PADILLA DOVAL, Jonathan  y  ZAMBRANO ARTEAGA, Juan Carlos. Structure, properties and genetic of milk caseins: a review. Ces. Med. Vet. Zootec. [online]. 2021, vol.16, n.3, pp.62-95.  Epub 18-Abr-2022. ISSN 1900-9607.  https://doi.org/10.21615/cesmvz.5231.

Milk is an essential food for humans and one of the reasons of its importance lies in the content of milk proteins. The most frequent proteins in this precious liquid are caseins (αS1-casein, αS2-casein, β-casein and κ-casein), which are a source of amino acids for the diet of mammals in their first days of life.
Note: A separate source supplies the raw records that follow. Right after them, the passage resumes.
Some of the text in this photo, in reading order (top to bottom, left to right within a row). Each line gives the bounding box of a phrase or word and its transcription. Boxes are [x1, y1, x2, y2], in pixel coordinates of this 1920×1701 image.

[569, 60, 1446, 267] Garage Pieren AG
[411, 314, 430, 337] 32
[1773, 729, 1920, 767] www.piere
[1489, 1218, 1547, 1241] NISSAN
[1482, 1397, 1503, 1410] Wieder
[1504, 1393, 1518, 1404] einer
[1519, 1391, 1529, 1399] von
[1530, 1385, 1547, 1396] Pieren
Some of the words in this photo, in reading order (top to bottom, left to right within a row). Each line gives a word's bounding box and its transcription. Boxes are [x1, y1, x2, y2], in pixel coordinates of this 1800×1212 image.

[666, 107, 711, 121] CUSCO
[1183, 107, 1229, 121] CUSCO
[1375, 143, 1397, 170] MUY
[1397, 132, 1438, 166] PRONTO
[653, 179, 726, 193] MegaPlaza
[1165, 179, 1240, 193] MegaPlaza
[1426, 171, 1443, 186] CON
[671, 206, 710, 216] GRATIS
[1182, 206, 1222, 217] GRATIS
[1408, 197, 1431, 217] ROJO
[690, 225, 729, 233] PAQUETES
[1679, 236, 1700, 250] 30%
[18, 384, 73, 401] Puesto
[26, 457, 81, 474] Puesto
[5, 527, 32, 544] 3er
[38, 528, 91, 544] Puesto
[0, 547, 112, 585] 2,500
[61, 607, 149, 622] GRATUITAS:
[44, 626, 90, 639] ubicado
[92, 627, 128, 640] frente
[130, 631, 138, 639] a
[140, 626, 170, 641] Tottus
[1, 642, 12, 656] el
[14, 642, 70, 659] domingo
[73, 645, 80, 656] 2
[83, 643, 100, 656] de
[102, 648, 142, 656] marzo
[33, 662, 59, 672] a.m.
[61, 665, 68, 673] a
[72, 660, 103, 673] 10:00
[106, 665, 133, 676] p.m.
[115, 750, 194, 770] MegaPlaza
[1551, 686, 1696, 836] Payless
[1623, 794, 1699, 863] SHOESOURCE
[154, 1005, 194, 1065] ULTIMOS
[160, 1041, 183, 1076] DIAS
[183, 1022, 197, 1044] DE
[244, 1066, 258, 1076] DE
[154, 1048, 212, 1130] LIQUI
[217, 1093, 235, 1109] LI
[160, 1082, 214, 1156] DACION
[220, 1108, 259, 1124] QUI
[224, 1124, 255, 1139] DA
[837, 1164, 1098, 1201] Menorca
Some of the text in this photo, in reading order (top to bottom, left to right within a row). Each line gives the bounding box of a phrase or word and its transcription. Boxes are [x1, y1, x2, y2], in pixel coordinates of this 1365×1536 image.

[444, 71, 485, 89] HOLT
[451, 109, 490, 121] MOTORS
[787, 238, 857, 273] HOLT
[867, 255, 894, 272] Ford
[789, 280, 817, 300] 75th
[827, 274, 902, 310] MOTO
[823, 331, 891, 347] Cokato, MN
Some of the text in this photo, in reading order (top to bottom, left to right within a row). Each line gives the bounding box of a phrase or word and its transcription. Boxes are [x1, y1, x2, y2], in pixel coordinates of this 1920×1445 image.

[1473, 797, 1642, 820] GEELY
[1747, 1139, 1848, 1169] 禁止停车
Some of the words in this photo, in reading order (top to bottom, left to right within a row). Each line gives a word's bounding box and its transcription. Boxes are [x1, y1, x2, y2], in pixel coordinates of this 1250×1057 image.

In milk, caseins are made up of molecular aggregates of proteins of varying sizes called micelles. The objective of this review is to present an overview of the structure, properties and genetics of dairy caseins and their relation with human health. From this review, it was established that αs1 and αs2 caseins are found together with β-casein, forming the micellar nucleus and interacting with calcium ions, to form and maintain stable the micelle. Animals genetically characterized with some variants of these proteins are associated with a yield in milk volume. For its part, κ-casein is associated with an increase in the yield and quality of cheeses, hence its economic importance, while the most common forms of β-casein in dairy cattle are A1 and A2. β-casein A2 does not have negative effects on human health; on the contrary, it has been associated with lowering properties of cholesterol and triacylglycerides. However, the A1 variant of β-casein produces a bioactive peptide called β-casomorphin-7 (BCM-7), which may play an unclear etiological role in the development of some diseases in humans, such as: ischemic heart disease, type 1 diabetes mellitus, sudden infant death syndrome (SIDS), neurological disorders, such as autism and schizophrenia.

Palabras clave : beta-casein; genomic wide association studies; kappa-casein; micelles; milk proteins.